When we want to generate a dataset to train a deep learning model, one of most important aspects of it is its variability. To avoid overfitting, you need to make sure that the model is exposed to as much variability of the characteristics the model needs to differentiate. Once you have identified those variable characteristics you need to define some kind of logic to variate them across the whole dataset. This means the every sample of the dataset needs to have different values for those characteristics. Anyverse Platform provides ways to define the logic and automatically apply it when generating each sample in the dataset.

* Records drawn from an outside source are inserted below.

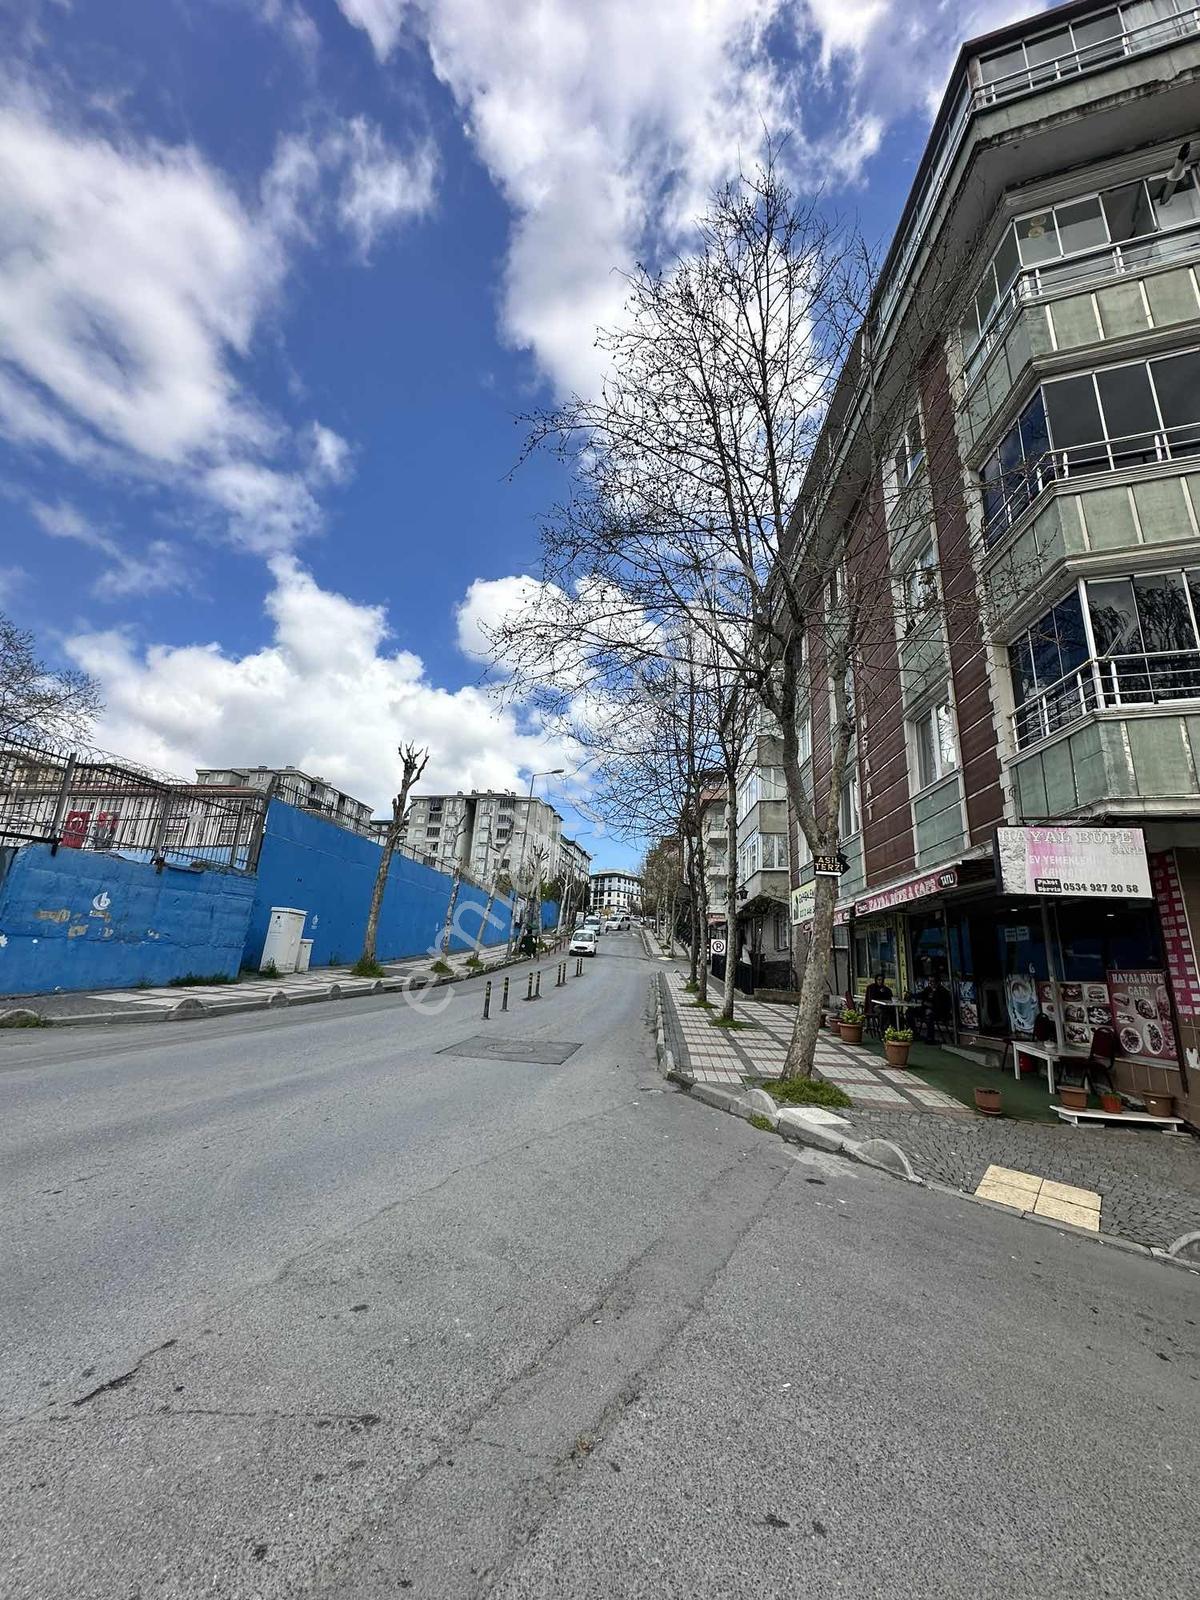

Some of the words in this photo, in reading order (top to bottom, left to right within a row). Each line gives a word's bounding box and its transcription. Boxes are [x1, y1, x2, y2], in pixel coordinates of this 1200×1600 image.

[1000, 829, 1070, 844] HAYAL
[1076, 828, 1132, 844] BÜFE
[1029, 856, 1041, 865] EV
[1063, 882, 1087, 892] 0534
[1090, 883, 1108, 893] 927
[1111, 884, 1123, 893] 20
[1126, 884, 1139, 894] 58

In the workspace we are using for this tutorial for the aerial use case, we have a base scene populated with buildings, vegetation and traffic. All these elements are static. The purpose of the dataset we can generate with this workspace could be to train a perception system to detect cars from images taken from a drone flying over a city at some given height. We consider the variable characteristics of the dataset the point of view of the camera and the number of object of interest in every sample.

Concepts

Every entity in an Anyverse workspace has different properties depending on the entity type and the 3D asset associated to it. Some properties are common to all entities, like its position and orientation in the world reference system, or their visibility (you can hide and show entities at will) to name a couple that are useful. Other properties are specific to the associated 3D asset, like poses for people characters or thresholds to snap vehicles to the floor or traffic lines. You can see all properties of an entity in the properties panel, by clicking on it in the workspace:

Car entity properties panel
Camera entity properties panel

Understanding properties is very important to introduce the Anyverse Studio’s automatic variations system because mainly you can variate any entity property in the workspace with it.

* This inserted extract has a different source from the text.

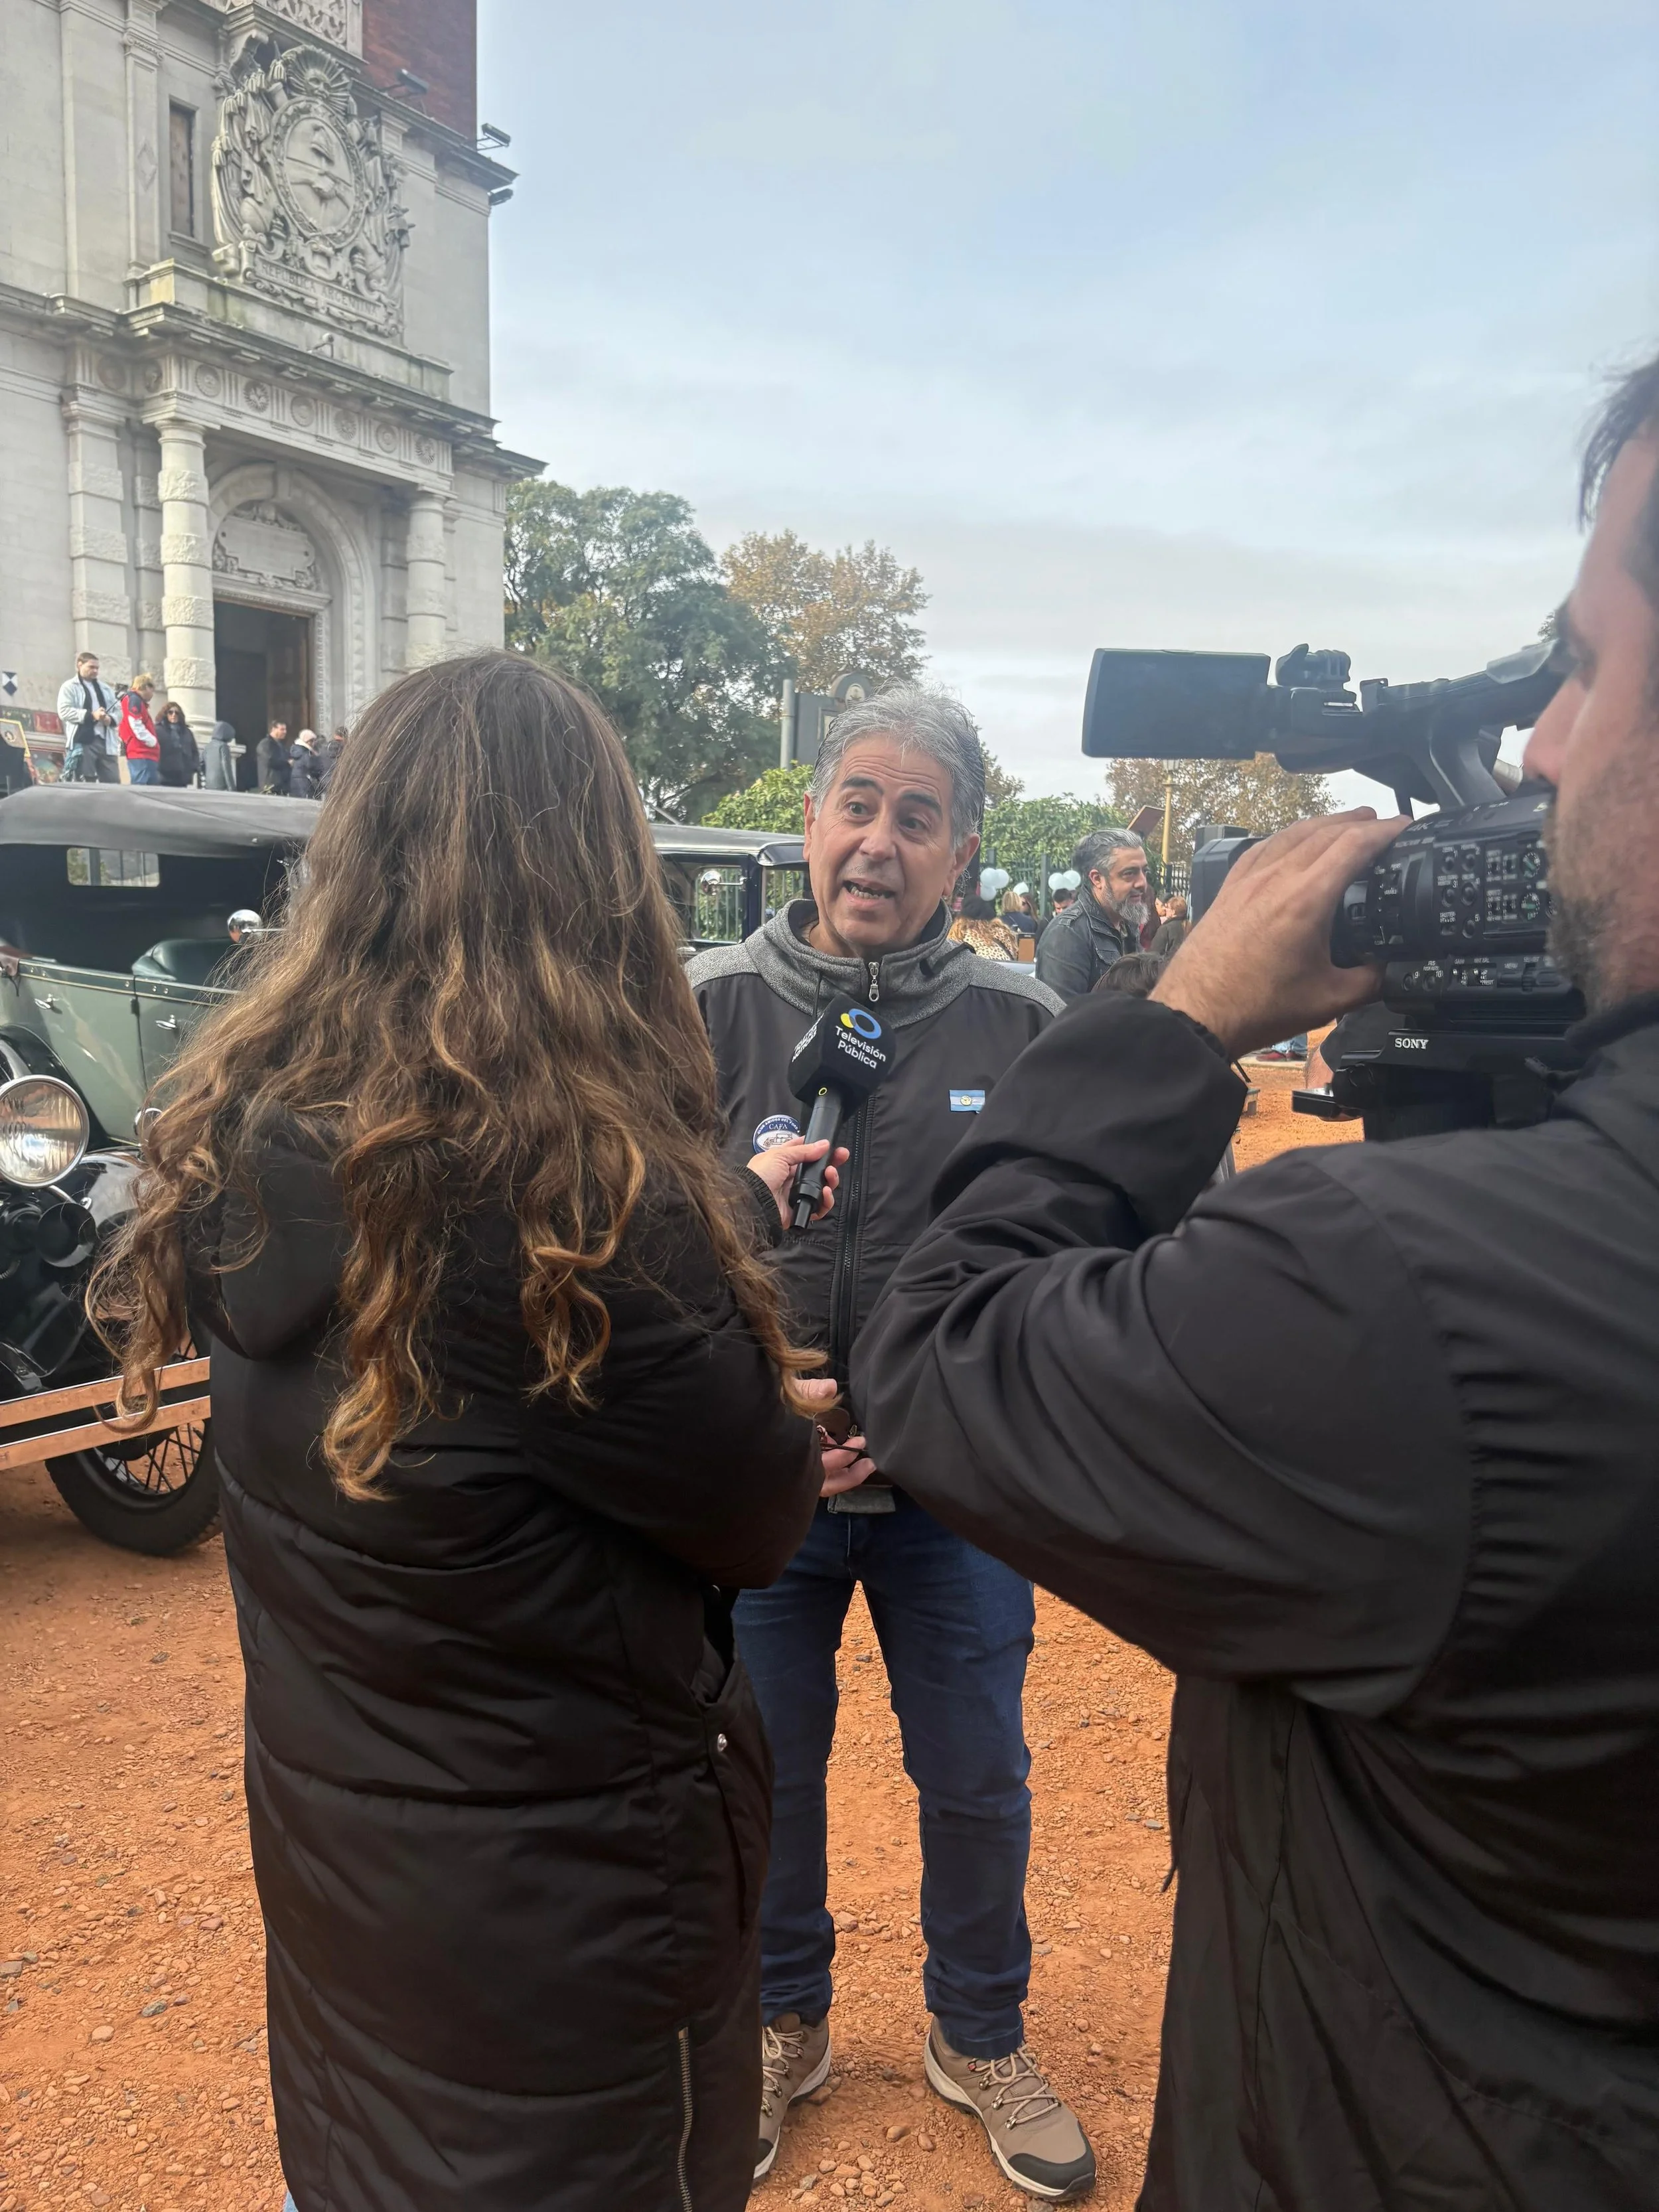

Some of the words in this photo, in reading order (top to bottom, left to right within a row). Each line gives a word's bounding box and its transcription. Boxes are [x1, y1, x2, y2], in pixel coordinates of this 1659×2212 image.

In general, given the variable characteristics you have defined for your dataset, you need to “map” them to entity properties and the workspace and use the variations system to apply the logic you want to vary them. In our case the characteristics to vary are the point of view and the number of objects of interest per sample. Since we have a large city scene pre-populated with several cars, just changing the X, Y position of the Ego (the entity holding the camera) and the Camera roll, pitch and yaw angles (from the default camera orientation pointing straight down to the ground) will change the point of view and the number of cars in the frustum of the camera (effectively, what you get in the sample image).

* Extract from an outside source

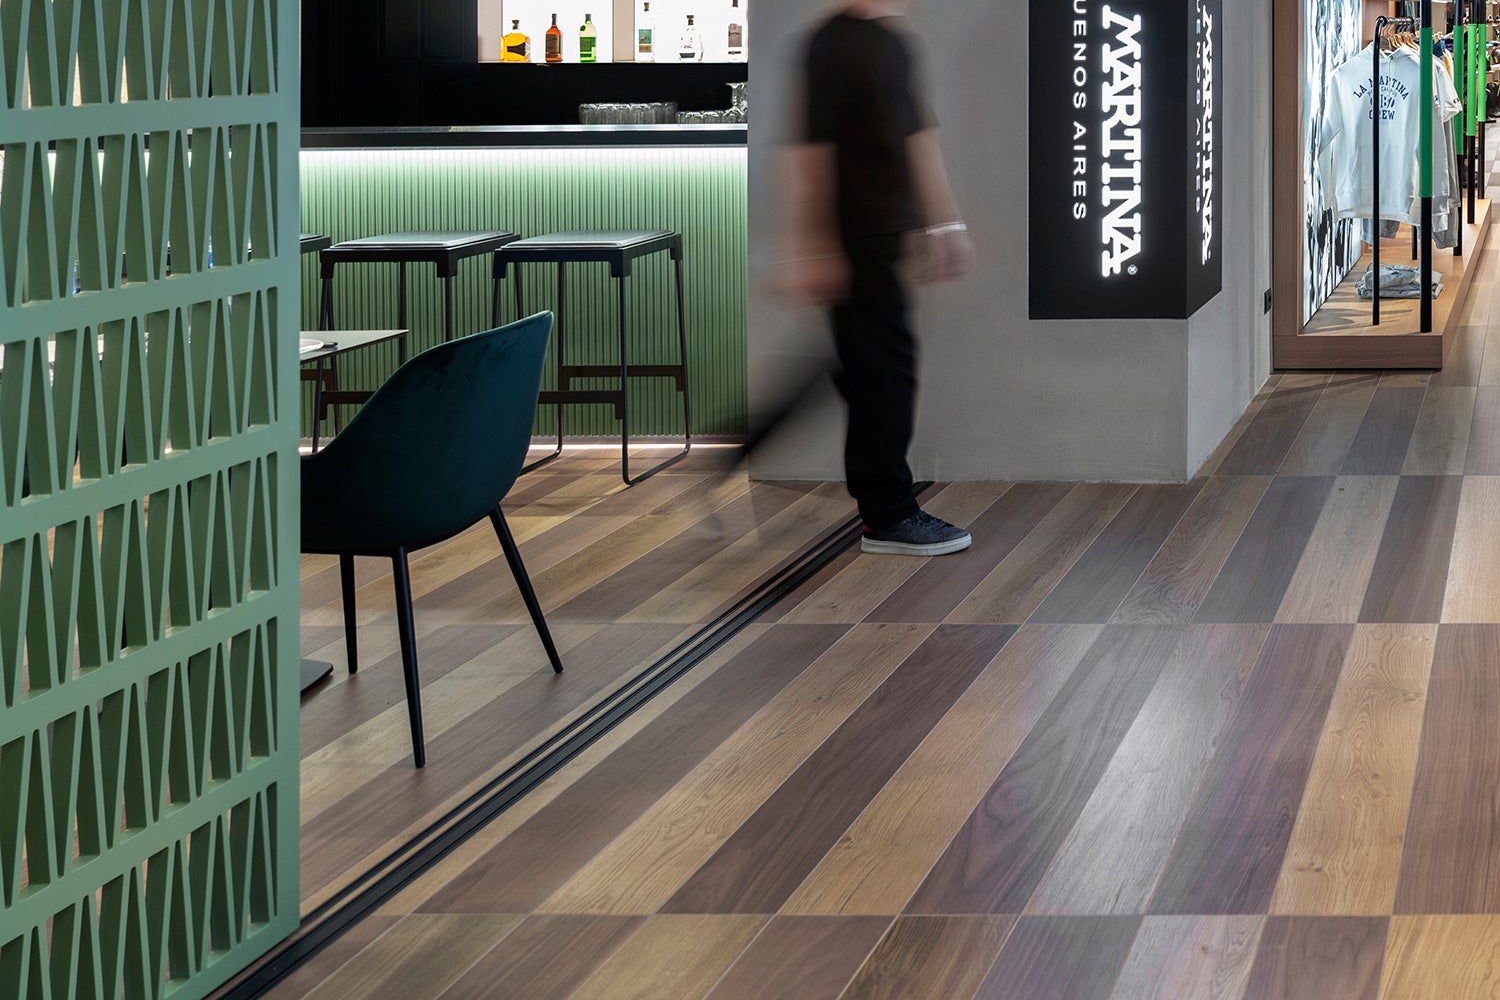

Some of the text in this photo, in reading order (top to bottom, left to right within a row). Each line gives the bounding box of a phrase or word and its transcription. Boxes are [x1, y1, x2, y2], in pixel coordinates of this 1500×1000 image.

[1073, 121, 1087, 220] AIRES
[1102, 5, 1142, 277] MARTINA
[1203, 4, 1212, 265] MARTINA
[1369, 109, 1395, 121] CEW

We can easily use the Anyverse Studio variations system to apply some logic the above Ego and Camera properties:

Select the Generator and click the + in the variations list to add a new variation

For the camera angles, we set a random variation for all of them, ±20 for yaw and pitch and any angle for rall:

Find the camera entity in the workspace, the Rotation property and select a random variation

This creates a new automatic variation for the camara rotation angles. now we just have set the minimum and maximum values each angle will take (X = yaw, Y = pitch and Z = roll). Since the default yaw = 180º, pitch = 0º and roll = 90º, to have the random variation defined above we do:

During the dataset generation, in every iteration, the automatic variations system will randomly pick a value between the minimum and maximum for each angle in the Transform – Rotation property in the DronCamera entity.

Scripting

Besides a random variation you can select a Script variation for any property allowing you to implement any logic for your variation, even make it depend on other properties values or the iteration the generation is at. this gives you full power on the variation on a single property. The scripting language in Anyverse is Python, a vert familiar programming language for data scientists and engineers.

Ego position variation

For the Ego position we are going to script some logic. When you use a script for a variation, you are basically programming a python function that has to return the calculated value of the property you are varying.

Editing the variation script

Our function for the Ego position randomly pick an X, Y position for the Ego within a rectangle region we have defined in the workspace (loop_region) allowing a margin. Then since the region to match the loop in the scene is rotated 45º, we rotate the X,Y point 45º. Applying the rotation is easier in polar coordinates, so the script transform to polar adds 45º and transform to cartesian coordinates then create 3D vector with X, Y and Z (this one is invariant) and return it. This is the code:

import random
import math

cam_id = workspace.get_camera_entities()[0]
cam_rot = workspace.get_entity_property_value(cam_id, 'RelativeTransformToComponent','rotation')
print('Camera orientation: yaw: {:.2f}, pitch:{:.2f}, roll: {:.2f}'.format(cam_rot.x, cam_rot.y, cam_rot.z))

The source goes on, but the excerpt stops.